Problem to work on —
Omit the images and output every line of the data below exactly.

Excerpted data —
%%
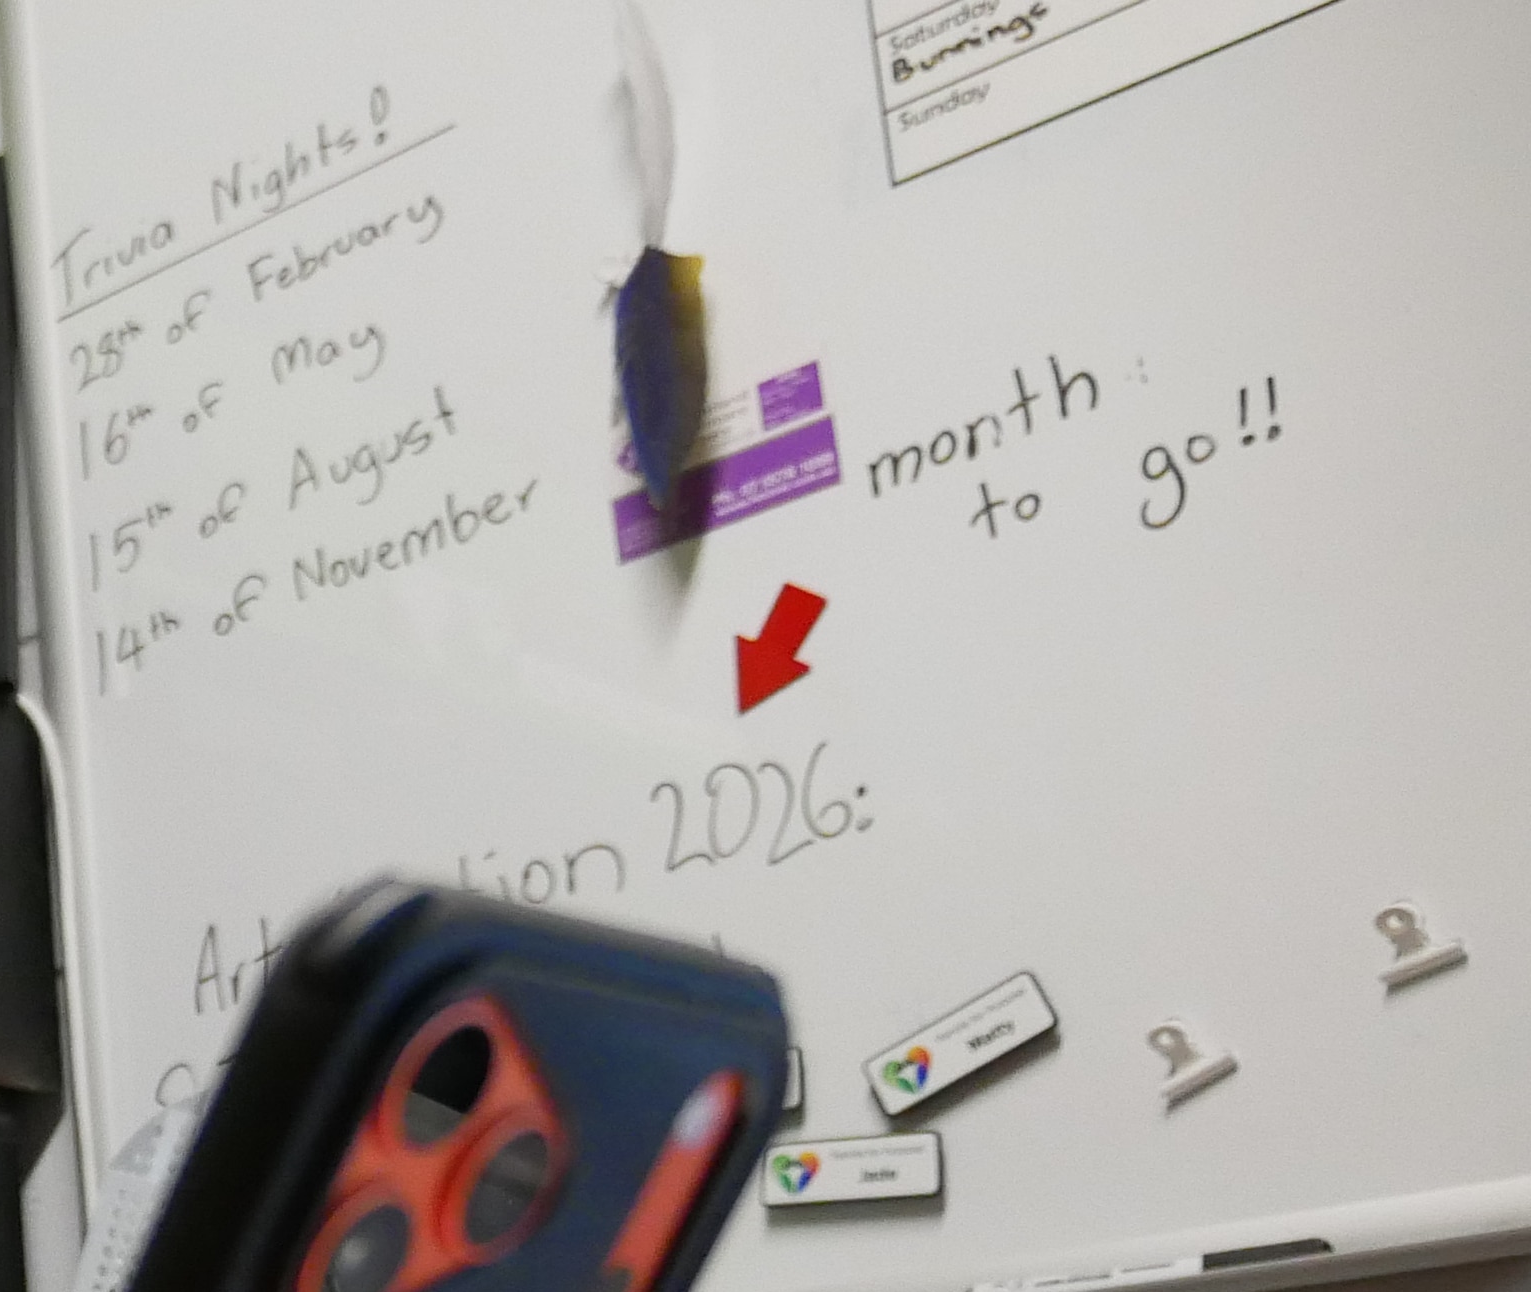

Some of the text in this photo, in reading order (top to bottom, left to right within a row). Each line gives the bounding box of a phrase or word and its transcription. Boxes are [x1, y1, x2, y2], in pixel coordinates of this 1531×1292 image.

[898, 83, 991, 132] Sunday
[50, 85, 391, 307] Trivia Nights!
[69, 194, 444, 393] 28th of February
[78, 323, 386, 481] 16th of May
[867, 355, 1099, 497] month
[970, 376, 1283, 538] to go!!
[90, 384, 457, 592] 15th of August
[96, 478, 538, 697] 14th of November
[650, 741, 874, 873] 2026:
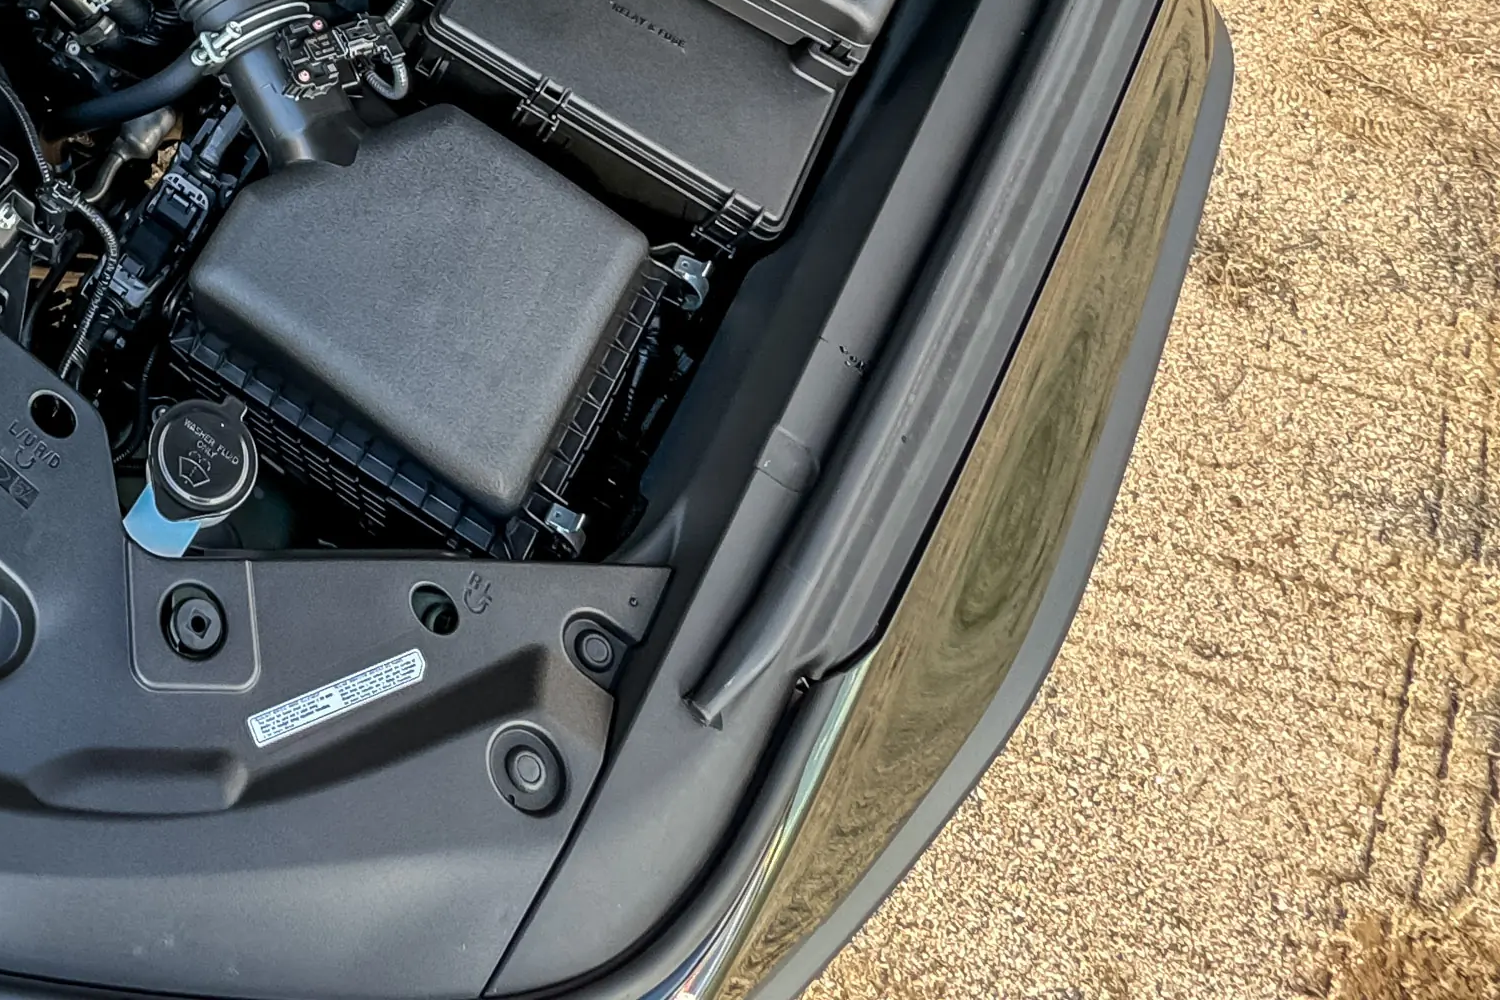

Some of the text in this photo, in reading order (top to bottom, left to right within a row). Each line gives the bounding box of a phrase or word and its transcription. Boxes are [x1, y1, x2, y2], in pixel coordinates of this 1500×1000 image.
%%
Exercise answer —
Some of the text in this photo, in reading order (top to bottom, left to right within a row). Each line gives the bounding box of a phrase or word and its transcription. Boxes are [x1, y1, x2, y2], in pixel coordinates of this 1531×1292 image.

[898, 83, 991, 132] Sunday
[50, 85, 391, 307] Trivia Nights!
[69, 194, 444, 393] 28th of February
[78, 323, 386, 481] 16th of May
[867, 355, 1099, 497] month
[970, 376, 1283, 538] to go!!
[90, 384, 457, 592] 15th of August
[96, 478, 538, 697] 14th of November
[650, 741, 874, 873] 2026:

Some of the text in this photo, in reading order (top to bottom, left to right within a row). Each line gives the bounding box of a phrase or word and its transcription. Boxes are [x1, y1, x2, y2], in pixel coordinates of this 1500×1000 image.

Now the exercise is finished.